Connector attribute "certificateVerification" in the new SSLHostConfig section is not requiring a client certificate in Tomcat 8.5.4. In Tomcat 8.0.33 I was using the clientAuth="true" connector attribute. I moved it over to the new certificateVerification="required" in the SSLHostConfig section. I have removed all client certificates and I am not getting rejected. I connect to a Tomcat 8.0.33 with not certificate and get rejected. If I add the client certificate back and connect to the 8.0.33 I am good. I have set Tomcat logs to debug and have not found any error messages, issues starting the connector or issues with bad attributes. I have used both IE and Chrome browsers. It seems as if the certificateVerification isn't being set. I searched for any issues for the certificateVerification attribute and could not find anything. I apologize up front if I missed the fix when searching for one. Here is my server.xml portion for SSL: <!-- Define a SSL/TLS HTTP/1.1 Connector on port 8443 This connector uses the NIO implementation with the JSSE engine. When using the JSSE engine, the JSSE configuration attributes must be used. --> <Connector port="8443" protocol="org.apache.coyote.http11.Http11NioProtocol" SSLEnabled="true" maxThreads="150" scheme="https" secure="true" maxKeepAliveRequests="15" connectionTimeout="60000" acceptCount="100" connectionUploadTimeout="300000" compression="force" enableLookups="true" disableUploadTimeout="false" > <SSLHostConfig> truststoreFile="?:\?\?.jks" truststorePass="*********" certificateVerification="required" protocols="TLSv1,TLSv1.1,TLSv1.2" > <Certificate certificateKeystoreFile="?:\?\?.jks" certificateKeystorePassword="***********" certificateKeyAlias="1" type="RSA" /> </SSLHostConfig> </Connector>
I would expect to see this error message in the tomcat8-stdout.????-??-??.log with SSL debug is enabled and the client does not present a certificate.

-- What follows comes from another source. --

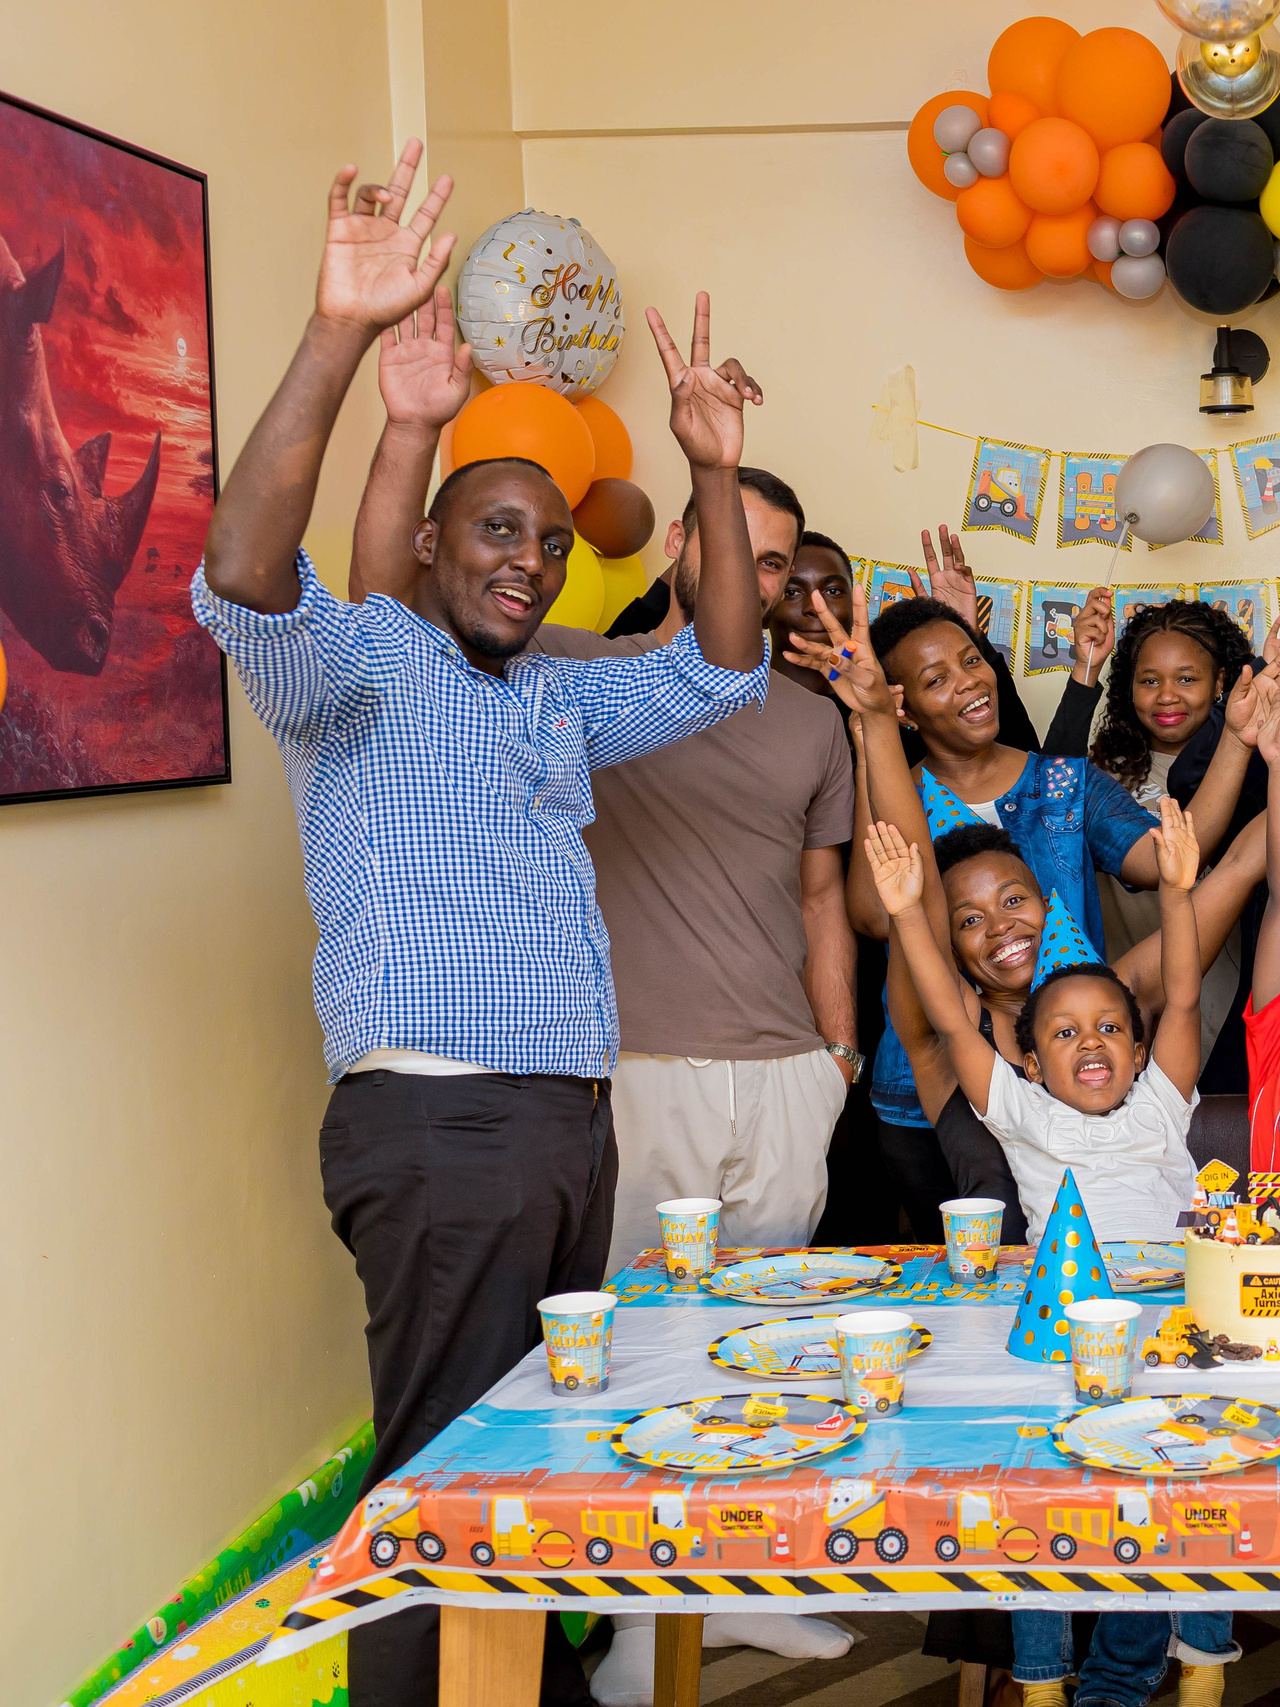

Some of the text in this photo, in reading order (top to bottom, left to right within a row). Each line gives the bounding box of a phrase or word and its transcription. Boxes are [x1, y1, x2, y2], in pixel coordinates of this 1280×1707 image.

I see nothing in the log when running 8.5.4: %% Invalidated: [Session-2, TLS_ECDHE_RSA_WITH_AES_128_CBC_SHA] http-nio-8443-exec-2, SEND TLSv1.2 ALERT: fatal, description = bad_certificate http-nio-8443-exec-2, WRITE: TLSv1.2 Alert, length = 2 http-nio-8443-exec-2, called closeSocket() http-nio-8443-exec-2, handling exception: javax.net.ssl.SSLHandshakeException: null cert chain http-nio-8443-exec-2, IOException in getSession(): javax.net.ssl.SSLHandshakeException: null cert chain http-nio-8443-exec-2, called close() http-nio-8443-exec-2, called closeInternal(true) and what Chrome would present: This site can’t provide a secure connection servername didn’t accept your login certificate, or your login certificate may have expired. Try contacting the system admin. ERR_BAD_SSL_CLIENT_AUTH_CERT
I was able to resolve the problem. Need to use the attribute "truststorePassword" instead of the attribute "truststorePass" listed on the following help page: https://tomcat.apache.org/tomcat-8.5-doc/config/http.html#SSL_Support_-_SSLHostConfig Working Server.xml file: <Connector port="8443" protocol="org.apache.coyote.http11.Http11NioProtocol" SSLEnabled="true" maxThreads="150" scheme="https" secure="true" maxKeepAliveRequests="15" connectionTimeout="60000" acceptCount="100" connectionUploadTimeout="300000" compression="force" enableLookups="true" disableUploadTimeout="false" > <SSLHostConfig truststoreFile="?:\?\?.jks" truststorePassword="*******" certificateVerification="required" protocols="+TLSv1,+TLSv1.1,+TLSv1.2" > <Certificate certificateKeystoreFile="?:\?\?.jks" certificateKeystorePassword="*******" certificateKeyAlias="1" type="RSA" /> </SSLHostConfig> </Connector>
Thanks for the update. I've fixed the docs for 9.0.x and 8.5.x for the next release of each (9.0.0.M10 and 8.5.5).